Research at the Biozentrum of the University of Basel is dedicated to the central question of how molecules and cells create life − from atom to organism, and from the physics of life to the dynamics of multicellular systems. Accordingly, the scientists at the Biozentrum are active in a wide range of research fields. These disciplines are not strictly separated from each other, but often overlap, thus leading to new questions and collaborations.

With 529 employees, the Biozentrum is the largest department at the University of Basel's Faculty of Science. It is home to 32 research groups with scientists from more than 40 nations who investigate how molecules and cells create life.

== History ==
In 1971, at the time when the Biozentrum was founded, the concept of developing an interdisciplinary biological research facility was unique in Europe. Scientists from academy and industry as well as representatives of the Canton of Basel-Stadt promoted the Biozentrum's development.

In the winter semester 1972/73 the first students enrolled for the new "Biology II" curriculum. It encompassed a two-year foundation course in mathematics, physics and chemistry as well as a cycle of block courses – a new teaching format. In 1976 the first students received their diplomas. In 1978 the Biozentrum became a department of the University of Basel. In the same year, one of the founding professors, Werner Arber, was awarded the Nobel Prize for Physiology or Medicine for his discovery of the restriction enzymes.

With the incorporation of the Maurice E. Müller Institute in 1986, the Biozentrum became a competence center for high resolution electron microscopy. It also established a platform for nuclear magnetic resonance spectroscopy. Cooperation with the Institute for Immunology (Hofmann-La Roche)
 and the Friedrich Miescher Institute (Ciba/Geigy) became ever closer and networking more and more important: In 1996, what is now the "Center of Competence and Excellence in Neuroscience" was founded. Then "Neurex", the largest tri-national alliance of neurobiologists, was set up. The "Basel Signalling Alliance", the "Neuroscience Network Basel", and the "Basel Stem Cell Network" followed. And finally, the Basel Translational Medicine Hub was established to further personalized medicine. The major areas of investigation were also extended: whereas into the 1990s the Biozentrum focused on Cell Growth & Development, Neurobiology and Structural Biology, it was at the beginning of the 21st century that Infection Biology and Computational & Systems Biology were added. Building up a range of Technology Core Facilities which offer highly sophisticated methods of investigation and analysis was also a priority during the last decade.

In 2021, the Biozentrum moved into a 73 m high research tower. The new building offers a state-of the art infrastructure that meets the needs of modern-day research as well as enough room for 400 researchers and 900 students.
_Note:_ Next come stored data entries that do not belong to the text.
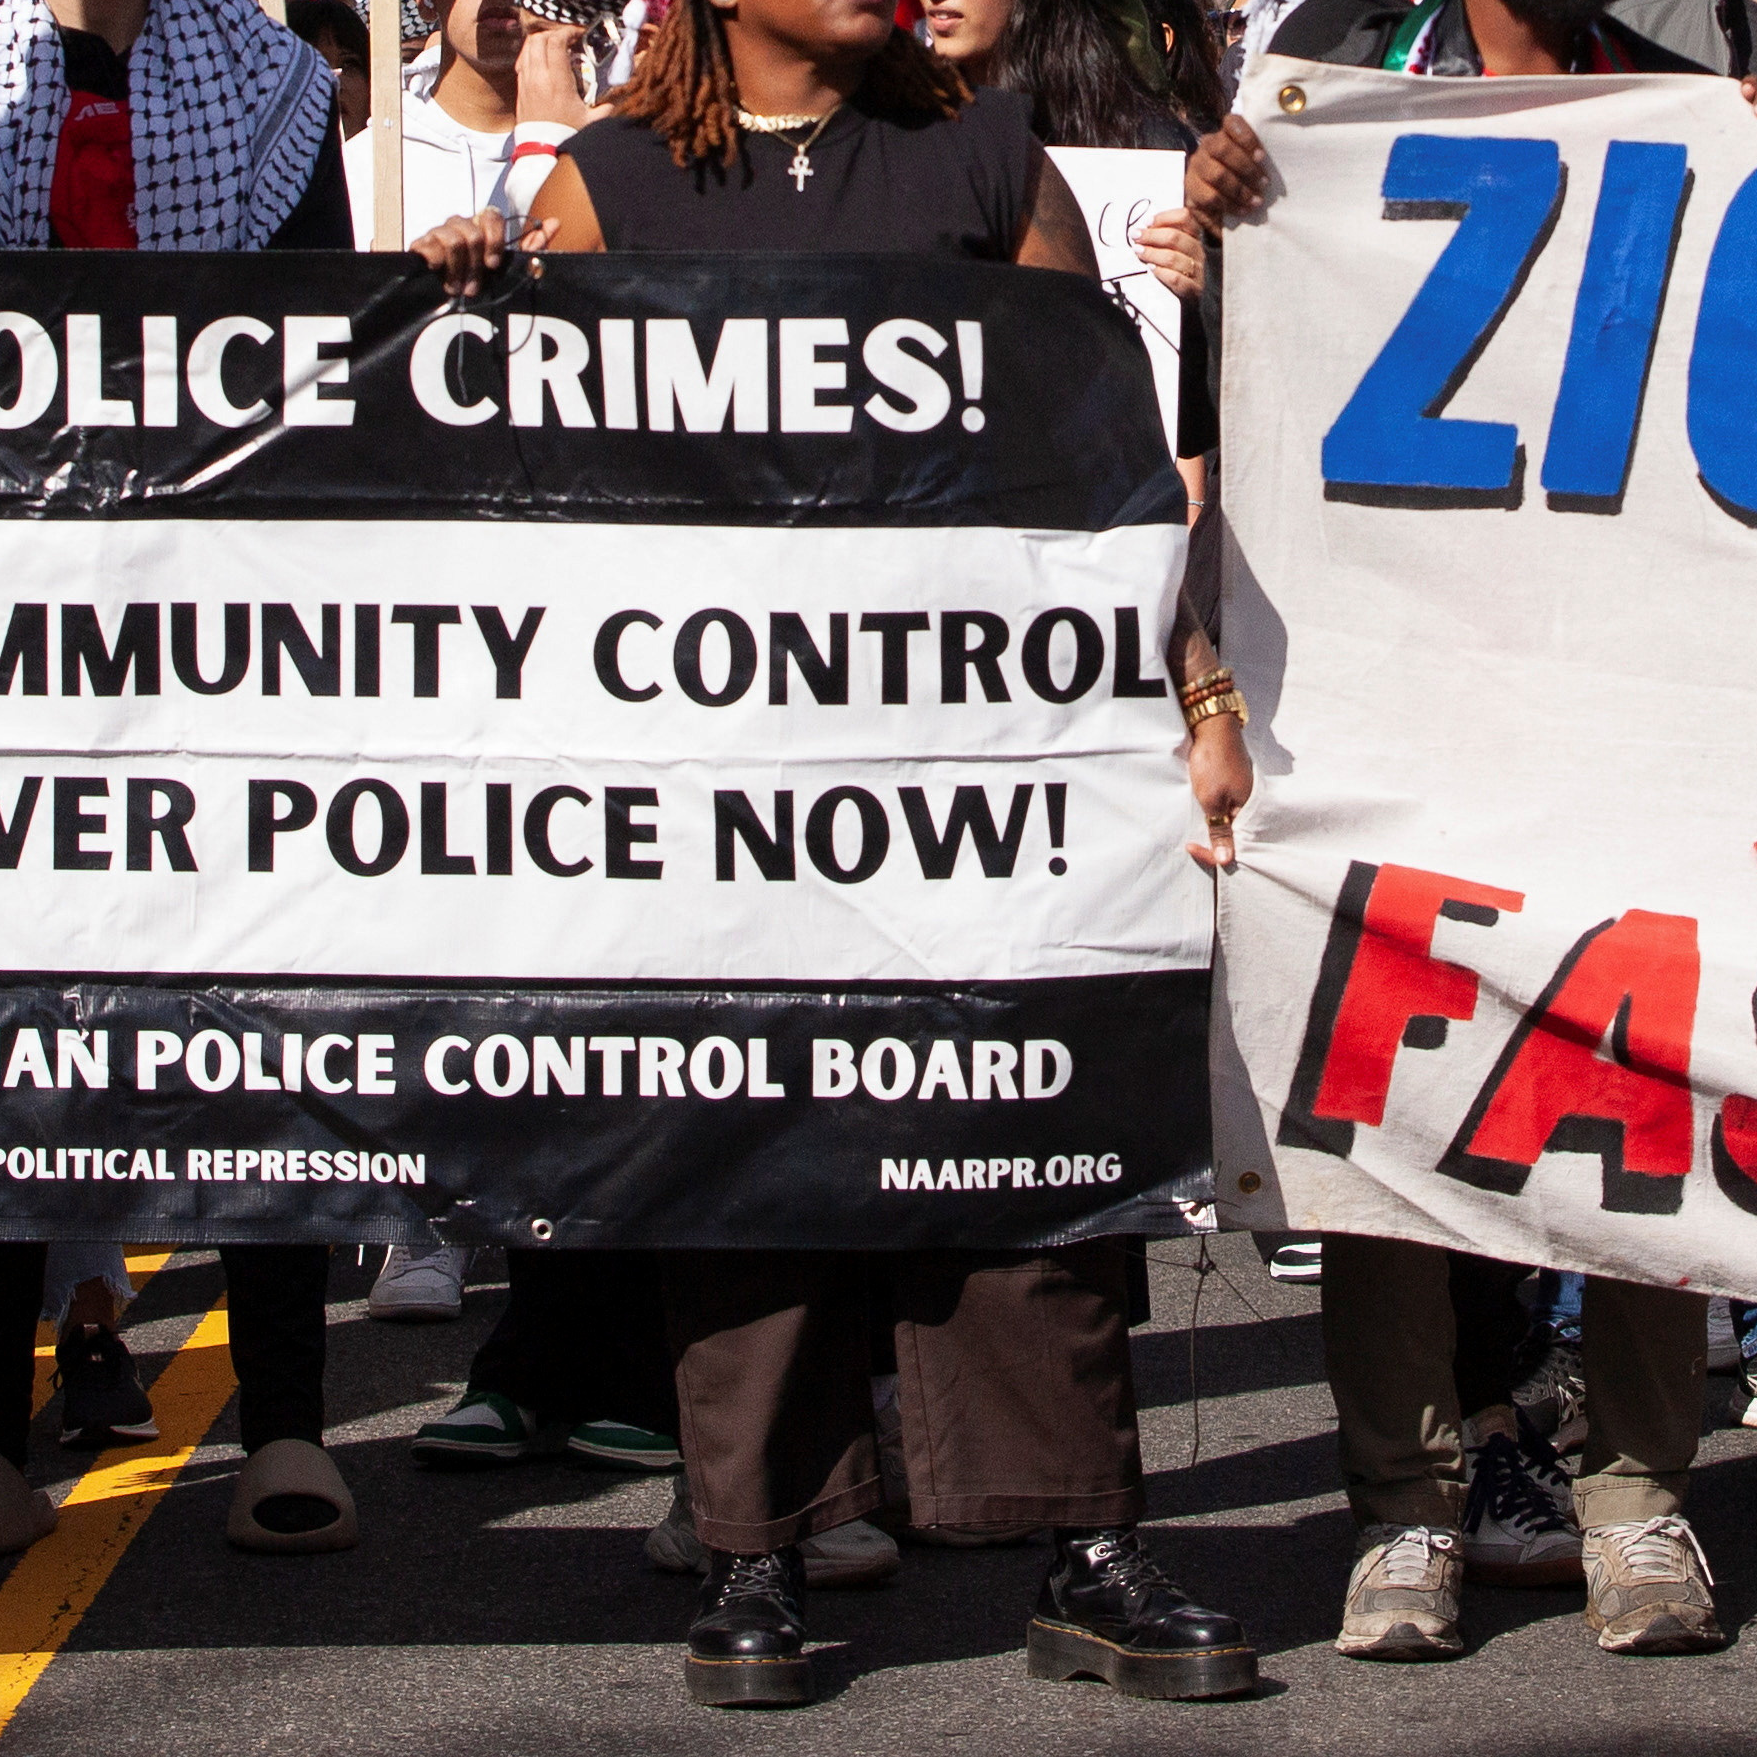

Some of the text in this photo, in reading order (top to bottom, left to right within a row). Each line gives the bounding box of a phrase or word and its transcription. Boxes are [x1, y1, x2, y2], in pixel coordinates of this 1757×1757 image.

[409, 311, 985, 435] CRIMES!
[592, 604, 1168, 710] CONTROL
[247, 775, 665, 882] POLICE
[713, 780, 1070, 886] NOW!
[135, 1027, 397, 1096] POLICE
[423, 1032, 787, 1101] CONTROL
[811, 1036, 1074, 1102] BOARD
[186, 1148, 427, 1187] REPRESSION
[880, 1152, 1123, 1191] NAARPR.ORG
The Biozentrum is headed by its director Alexander F. Schier.

== Research ==
Research at the Biozentrum is dedicated to the central question of how molecules and cells create life − from atom to organism, and from the physics of life to the dynamics of multicellular systems. Accordingly, the scientists at the Biozentrum are active in a wide range of research fields. These disciplines are not strictly separated from each other, but often overlap, thus leading to new questions and collaborations.

Modern research increasingly depends on sophisticated technologies, notably in the fields of genomics, proteomics, imaging, and data analysis. To meet this challenge, the Biozentrum has established a number of so-called Technology Platforms. It has facilities for electron and light microscopy, cell imaging and nanoanalytics, proteomics, biophysics, FACS (Fluorescence Activated Cell Sorting) and Research IT. A microarray and a quantitative genomics facility are being shared with other regional research institute

== Degrees awarded ==
The courses of studies in molecular biology at the Biozentrum are characterized by the early exposure of the students to current research, the offer of all research areas and methods relevant to molecular biology, a modern technical infrastructure and the practical-work-oriented supervision.
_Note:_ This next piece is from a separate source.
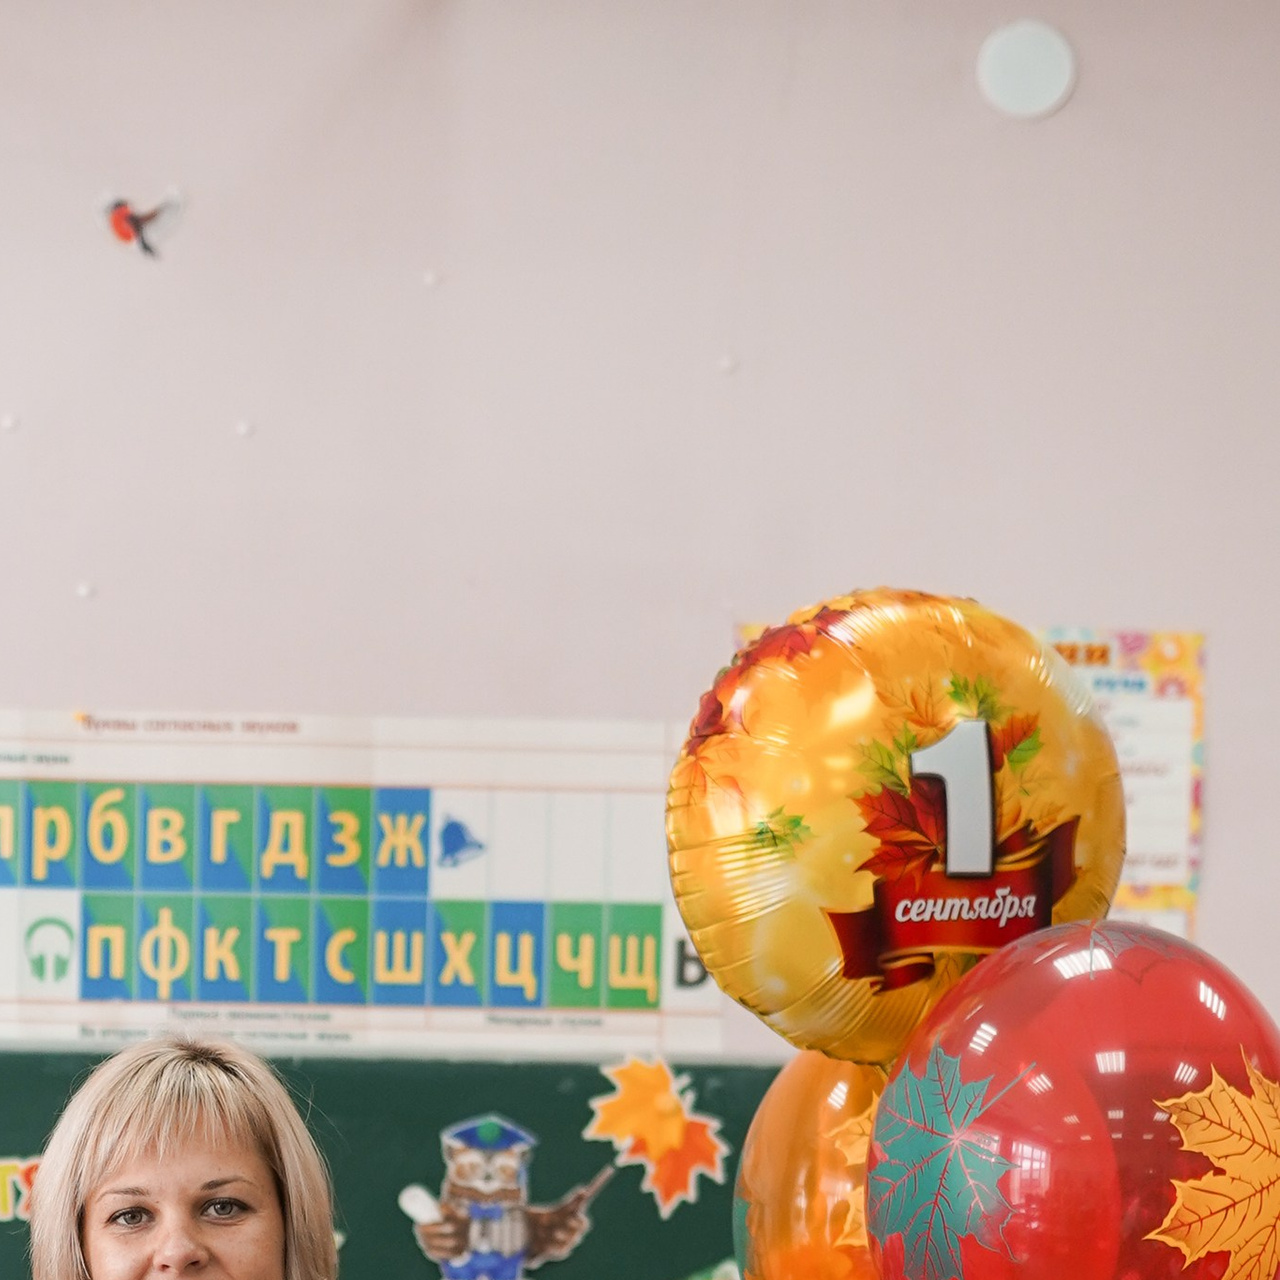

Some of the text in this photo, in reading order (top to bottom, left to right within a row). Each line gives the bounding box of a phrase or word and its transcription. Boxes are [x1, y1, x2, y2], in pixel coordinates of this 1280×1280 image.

=== BSc Major in Molecular Biology ===
The bachelor's degree program in Molecular Biology encompasses one year of basic studies followed by two years of immersion in more specialized topics. In the first year, knowledge in mathematics, physics, general chemistry and the basic principles of biology are acquired. In the second year, students attend lectures in biochemistry, developmental biology, genetics, human physiology, immunology, molecular microbiology, neurobiology, structural biology and physics of life and they participate in a practical course in experimental molecular biology. The third year of study has also a practical orientation: in three six-week block courses the students actively engage in research and they work on and write an eight-week theses in Molecular Biology.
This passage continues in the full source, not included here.